Start of Block
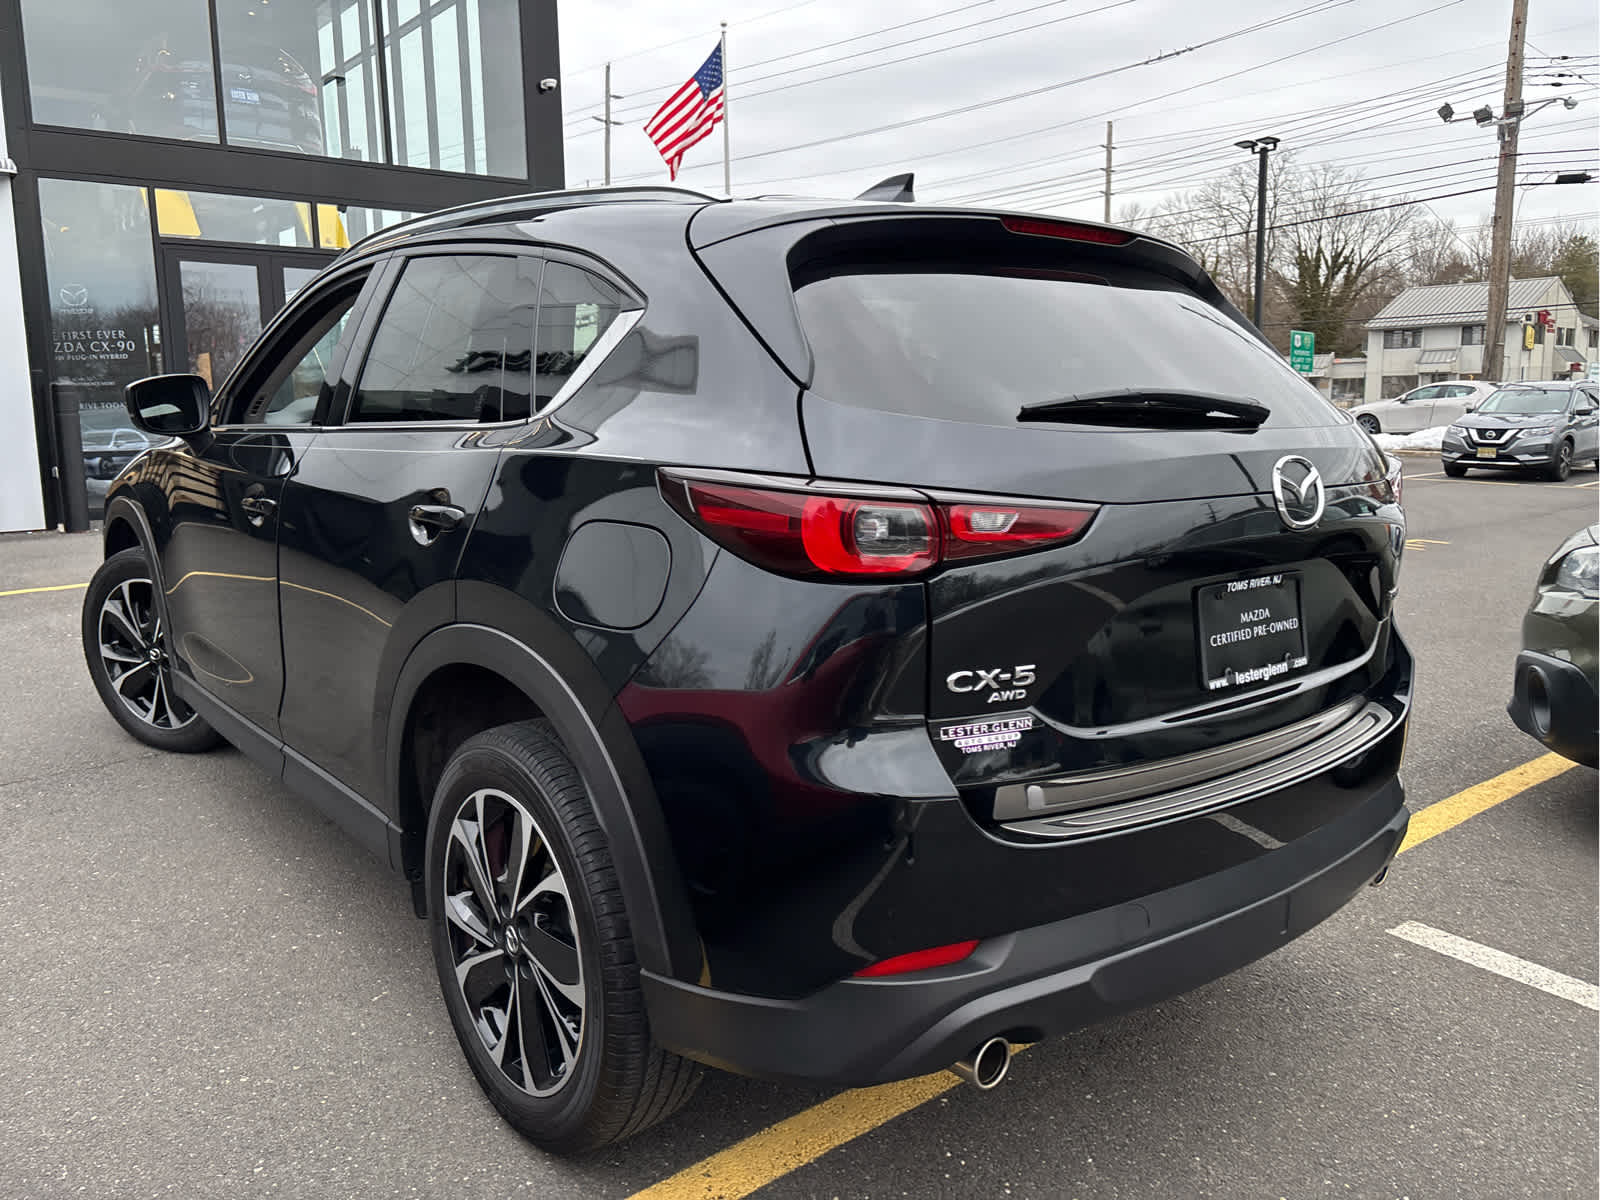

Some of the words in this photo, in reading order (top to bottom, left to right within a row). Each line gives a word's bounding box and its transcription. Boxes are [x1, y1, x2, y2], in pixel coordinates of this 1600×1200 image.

[62, 330, 92, 340] FIRST
[96, 329, 127, 340] EVER
[54, 341, 86, 353] ZDA
[90, 340, 136, 353] CX-90
[100, 401, 128, 410] TODA
[1226, 579, 1249, 592] TOMS
[1272, 574, 1283, 584] NJ
[1240, 608, 1271, 624] MAZDA
[1210, 627, 1252, 647] CERTIFIED
[1253, 617, 1299, 638] PRE-OWNED
[946, 664, 1036, 693] CX-5
[1235, 662, 1289, 685] lesterglenn
[987, 689, 1027, 703] AWD
[940, 725, 989, 738] LESTER
[992, 719, 1033, 732] GLENN
[960, 745, 983, 754] TOMS
[1007, 740, 1017, 748] NJ
End of Block
* **Action item**:
Every line in the data above needs to be given again exactly, pictures aside.

* **Result for this task**:
Some of the words in this photo, in reading order (top to bottom, left to right within a row). Each line gives a word's bounding box and its transcription. Boxes are [x1, y1, x2, y2], in pixel coordinates of this 1600×1200 image.

[62, 330, 92, 340] FIRST
[96, 329, 127, 340] EVER
[54, 341, 86, 353] ZDA
[90, 340, 136, 353] CX-90
[100, 401, 128, 410] TODA
[1226, 579, 1249, 592] TOMS
[1272, 574, 1283, 584] NJ
[1240, 608, 1271, 624] MAZDA
[1210, 627, 1252, 647] CERTIFIED
[1253, 617, 1299, 638] PRE-OWNED
[946, 664, 1036, 693] CX-5
[1235, 662, 1289, 685] lesterglenn
[987, 689, 1027, 703] AWD
[940, 725, 989, 738] LESTER
[992, 719, 1033, 732] GLENN
[960, 745, 983, 754] TOMS
[1007, 740, 1017, 748] NJ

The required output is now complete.